Paul begins by telling us one reason he wrote, “I want you to know, brothers, that what has happened to me has really served to advance the gospel.” Here Paul reveals his top priority is not himself, but the gospel. He is unconcerned for himself because he knows he will, without a doubt, be delivered from prison, either by death into Jesus’ arms, or by acquittal into continued service to Christ. In either way Jesus will be honored, and Paul will be satisfied.
In this study we will identify Paul’s priority, and try to show that it flowed from his trust in and satisfaction with Jesus. We will then examine our own priorities and think through whether our self-concern is a result of failing to experience Christ’s concern for us.
Have you ever stopped to think about your priorities in life? If so how have you seen your priorities shaping the way you live? Is there a time when you thought to yourself, “I really have my priorities mixed up here”?
1. Summarize Paul’s situation. What stands out to you about people’s reaction to his imprisonment? Is it what you would expect?
2. What sorts of things are people typically concerned with in Paul’s situation? What do we learn about Paul’s priorities in this passage? What does he rejoice over?
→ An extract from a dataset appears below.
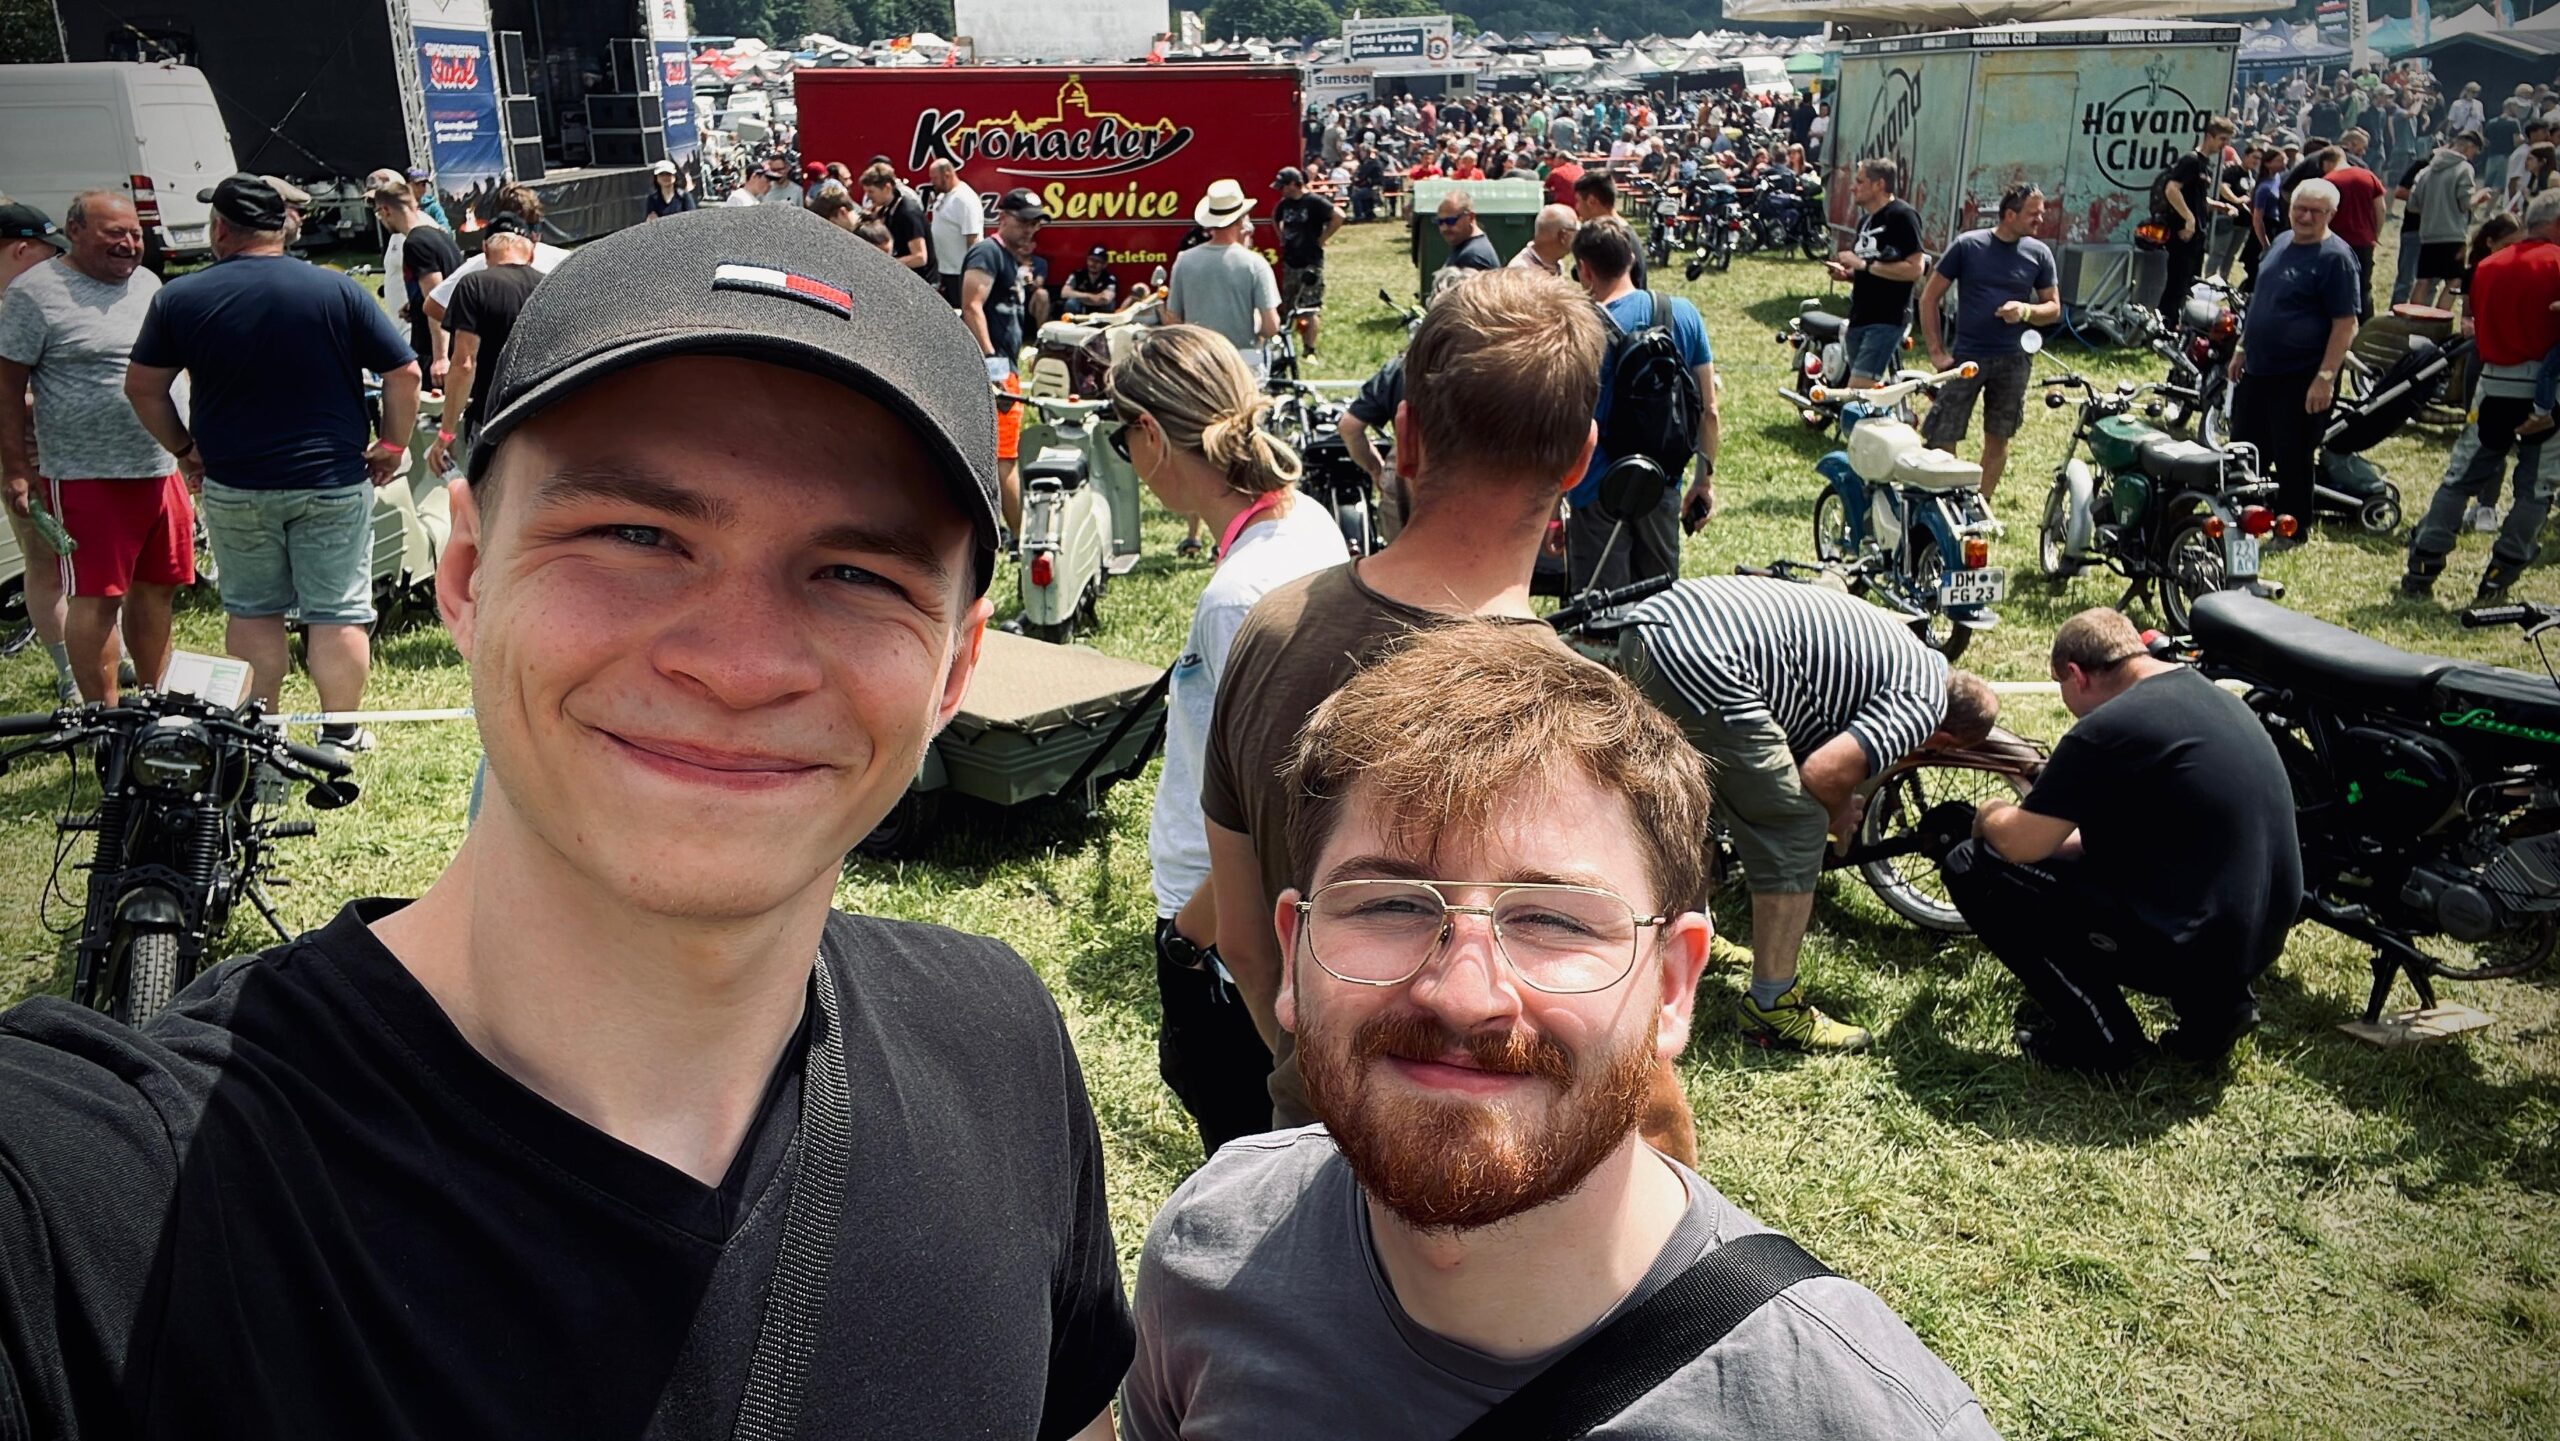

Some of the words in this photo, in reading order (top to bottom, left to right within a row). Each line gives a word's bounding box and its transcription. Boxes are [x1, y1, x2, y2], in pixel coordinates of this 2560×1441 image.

3. Paul says he was “put here” in prison. Who put him there and why? What do we learn about God’s priorities or character that he would “put” Paul in this situation?
4. Why have you been “put” at your university, in your dorm, in your family? (Go beyond the generic, “To share the gospel”. Like Paul shared specifically with the Imperial Guard, God has put you into certain people’s lives. Who are they? Why does it make sense that you would be the person to share? Are there cases where there is no one else but you to share?)
5. Paul is confident he will be delivered from Prison. He implies there are two ways this might happen. What are they? (Hint: Besides escaping, there are only two ways people get out of prison.)
6. What might it look like for Paul to honor Christ in life? In death? What does he mean by, “to live is Christ, to die is gain?
7. Why might Paul have referred to the Holy Spirit as the “Spirit of Jesus Christ”? Why would Paul need the help of the Spirit of Christ in his current situation? (if they have trouble answering, ask them “In what ways was Christ personally familiar with situations like Paul’s?)
8. What about Paul’s experience of Christ allows him prioritize the Gospel and Christ's honor above his own wellbeing? What guarantees does he have from Christ?
9. The same word translated “advance” in 12 is translated “progress” in 25 (prokoph). In 12 Paul is describing how his imprisonment has advanced the gospel, in 25 how his freedom will advance the Philippians. Do you expect, like Paul, that God can use you in any situation? Are there times when you have been surprised to see God use you? Are there times you don’t expect God to use you?
10. How do your priorities in life affect those around you? Do others see the gospel as a priority in your life and become more confident in the Lord?
11. Think again about the situations God has “put” you in. Where do you find yourself afraid to speak the word? What does this reveal about your priorities in the situation?
12. What about your experiences of Christ convinces you that to die and be with him is gain? In what ways has Christ captured your heart with the prospect of fruitful labor?
13. How does it affect you to know that Christ understands, by personal experience, what you are going through when you suffer for the gospel? Has serving Christ in the gospel ever caused you to experience Jesus more intimately?
14. What changes do you need to make to your lifestyle to demonstrate that the gospel and Christ’s honor are your top priorities?